In honour of Canada Day, I thought I'd post a set of reviews with an all-canuck lineup. Best of all, Fractured — Tales of the Canadian Post Apocalypse, Nocturnes and other Nocturnes,
and The Affinities
are all recent (more or less) books that are really, really good. Whether you're Canadian or from somewhere else, these are all books that you should make a point of looking for.
WARNING: HERE THERE BE SPOILERS
Fractured — Tales of the Canadian Post Apocalypse, edited by Silvia Moreno-Garcia
The end of the world, and having to adapt to live in what comes after, are not alien concepts to Canadians. For European settlers who survived the harshness of the crossing (themselves often carrying the emotional baggage and physical scars of being persecuted and forced out of their homes in the Old World), the Canadian colonies and territories were a radical change from the lives they were used to: forest wilderness stretching into seemingly limitless distances, wild rivers, lakes as big as seas, seas of grass, jagged mountains, ice fields, a small desert, oceans bordering this vastness on three sides, Native peoples already well established there for thousands of years, other groups of Europeans with different languages and customs living side by side, and hostile Americans to the south. Even the seasons themselves could be apocalyptic, with brutally cold and long winters and sometimes unforgivingly hot summers; blizzards and tornados and droughts and ice storms and floods and forest fires (not to mention the occasional epidemic outbreak or earthquake). No wonder it was called the New World. It was the end of everything they had known, and now they had to figure out how to survive in this strange place. It was a challenge as daunting psychologically as physically. For the First Nations people who lived here, the arrival of the Europeans represented their own apocalypse. While the settlement of Canada did not involve anywhere near the same bloody degree of physical genocide that the American expansion did, there certainly was a marginalization of First Nations people as they were conned out of their land (or had it flat-out expropriated) and forced onto reserves; there was systemic racism across the country (which some argue still exists); and the cultural genocide and physical, psychological, and sexual abuse of the residential school system and similar programs. In a sense, the legacy of modern Canada is the survival of many apocalypses, of people being broken, thrown into someplace new, seeing the end of their old worlds and being forced to reinvent themselves and the place where they live.
And so it's no wonder that — carrying the weight of these experiences — this sense of worlds ending, and of survival and rebuilding in the post apocalypse, is something that pops up not infrequently in Canadian speculative fiction. That's why this anthology, edited by Silvia Moreno-Garcia, is so entirely appropriate for our country. Forget about Mad Max or Snake Plissken or Robert Neville or Henry Bemis or Brother Francis Gerard or Alwyn Macomber; this book assembles a collection of our own post-apocalyptic heroes, anti-heroes, and people just too concerned with the day-to-day business of survival to worry about any of that other shit. Here, Moreno-Garcia has explored the literary landscape of the strange, and brought back a collection of unique treasures. These stories are not salvage from the old world, they are new inventions that have plundered pieces of the old and have repurposed fused them with the dreams of the new to repurpose them into things that do more than fascinate the eye — these tales, like improvised gadgets in the wasteland, make us a little better for having them.
Among these stories, one of my favourites is John Jantunen's "The Body Politic", a brilliant and poignant juxtaposition of a global apocalypse with the more personal catastrophe of dementia. Even as the world outside the narrator's home falls apart in some way we don't see, the narrator himself experiences a life that is becoming increasingly frustrating and confusing as his mental faculties deteriorate.

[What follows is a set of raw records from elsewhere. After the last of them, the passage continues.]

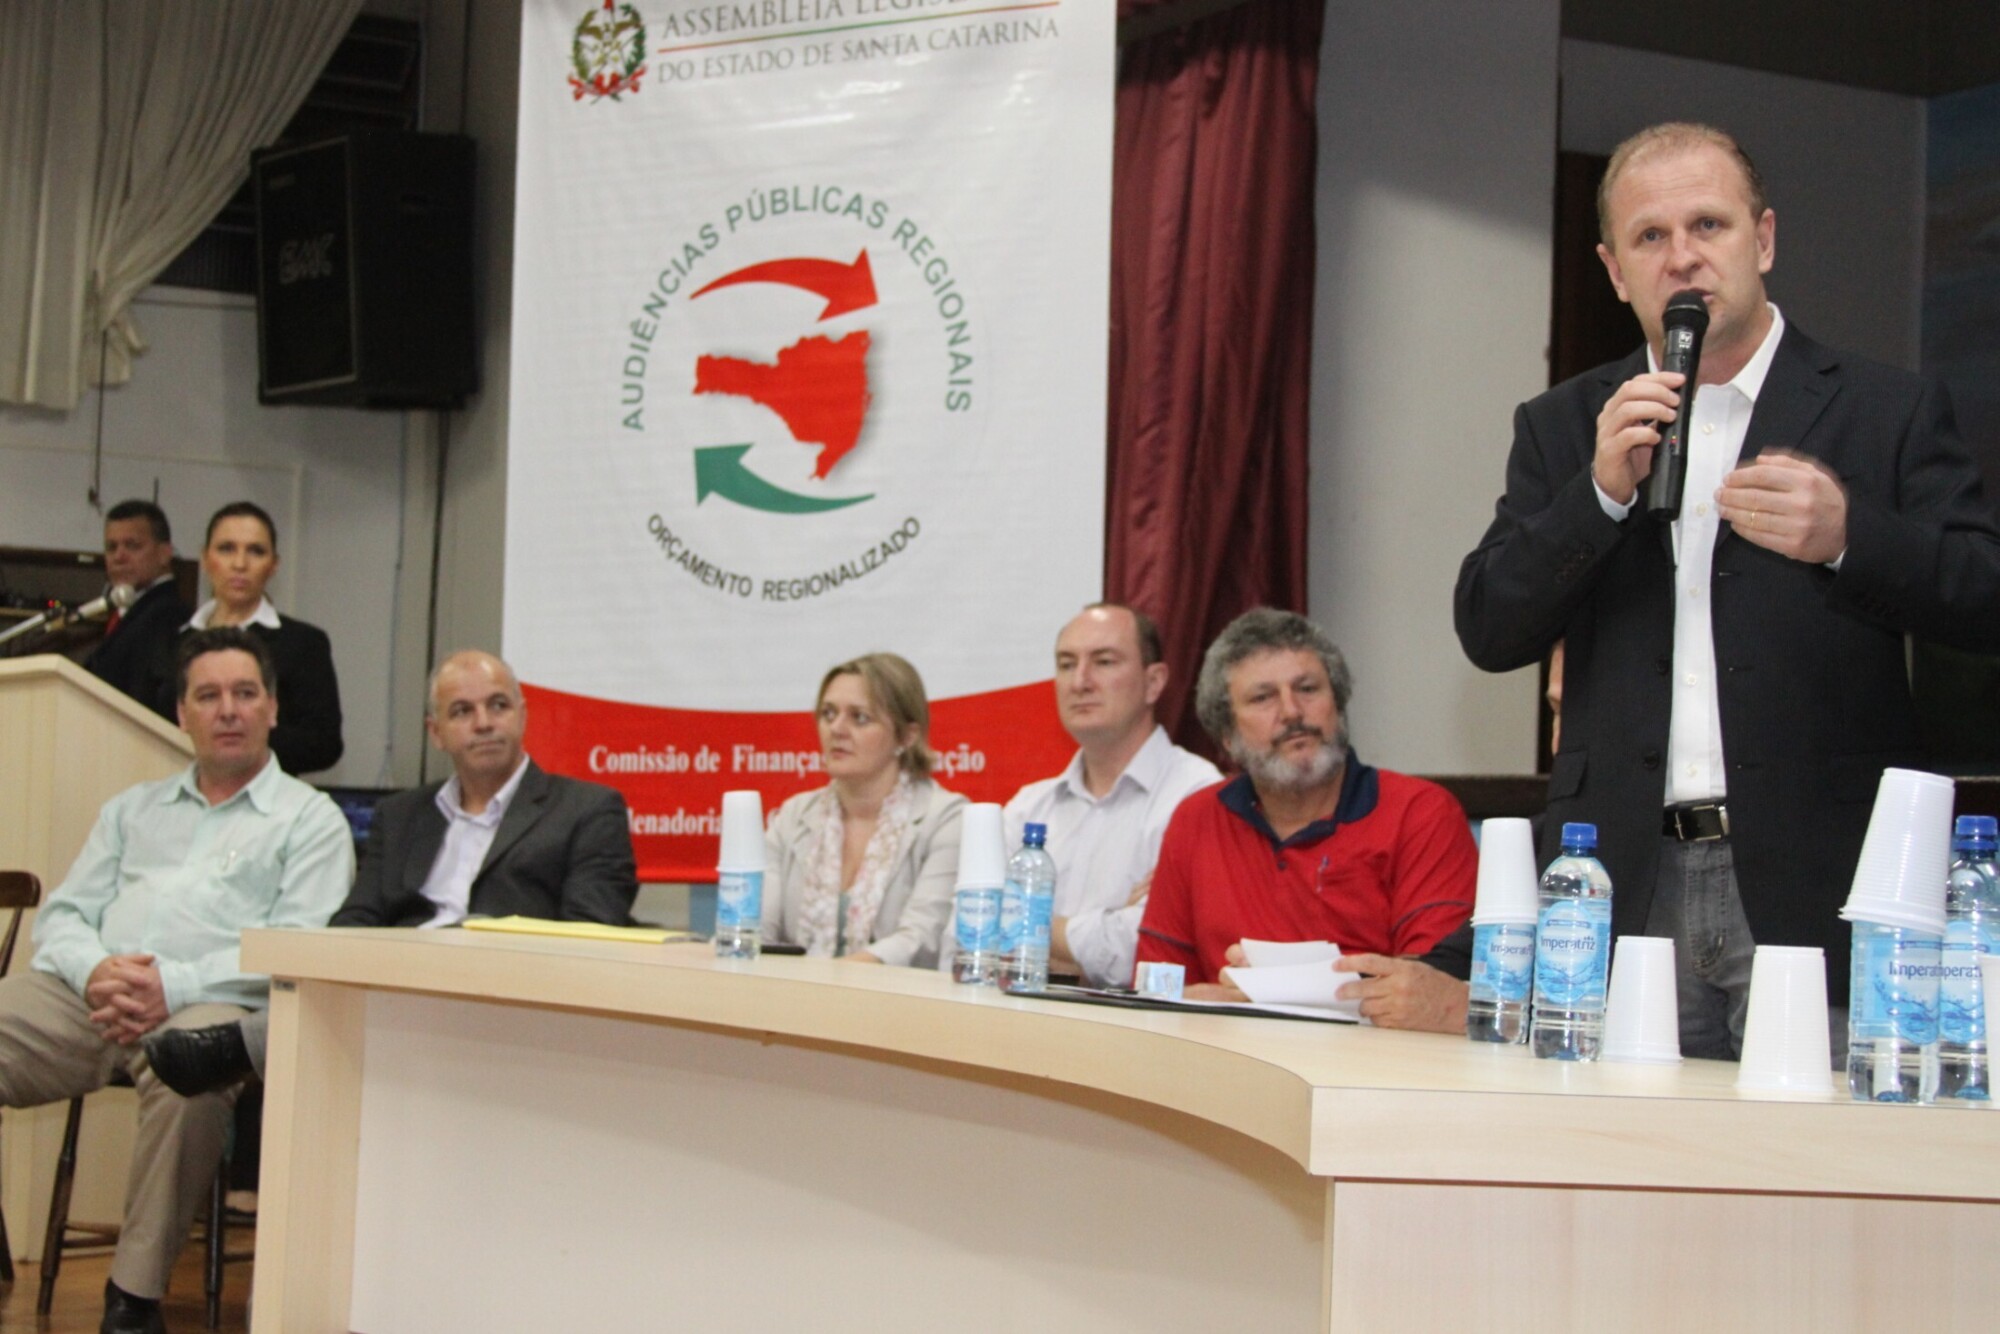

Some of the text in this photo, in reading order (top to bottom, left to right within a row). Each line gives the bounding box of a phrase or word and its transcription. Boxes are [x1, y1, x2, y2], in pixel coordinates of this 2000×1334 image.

[658, 18, 1059, 83] DO ESTADO DE SANTA CATARINA
[622, 185, 974, 431] AUDIÊNCIAS PÚBLICAS REGIONAIS
[647, 514, 920, 600] ORÇAMENTO REGIONALIZADO
[589, 744, 690, 774] Comissão
[694, 744, 721, 773] de
[1541, 936, 1596, 951] Imperatriz

For his wife, it's an obvious double hell as she has to take care of her husband, coping with his steady decline, while behind the scenes dealing with whatever needs to be done to ensure their survival. Whether it's finding making eggs for breakfast, re-using newspapers to let her husband maintain the delusion of his daily routine, or calming him down when he discovers a body at the end of the driveway, the narrator's old wife keeps both of them going in face of an inarguable loss of everything.
"Persistence of Vision", by Orrin Grey — about a ghost apocalypse — and "Manitou-Wapow", by GMB Chomichuk — about the people of a Hudson's Bay Company post in Manitoba trying to survive, and eventually retaliate against, a Martian attack in the HG Wells War of the Worlds
setting — are both deeply absorbing and entertaining. I can't get enough of War of the Worlds
-inspired stories, and 'Persistence was frightening for its persistent sense of inescapable doom, as well as its subject matter. And we can't forget Claude Lalumiere's "Maxim Fujiyama and Other Persons" about a man who needs the apocalypse to happen in order to allow him to connect with other people — sort of.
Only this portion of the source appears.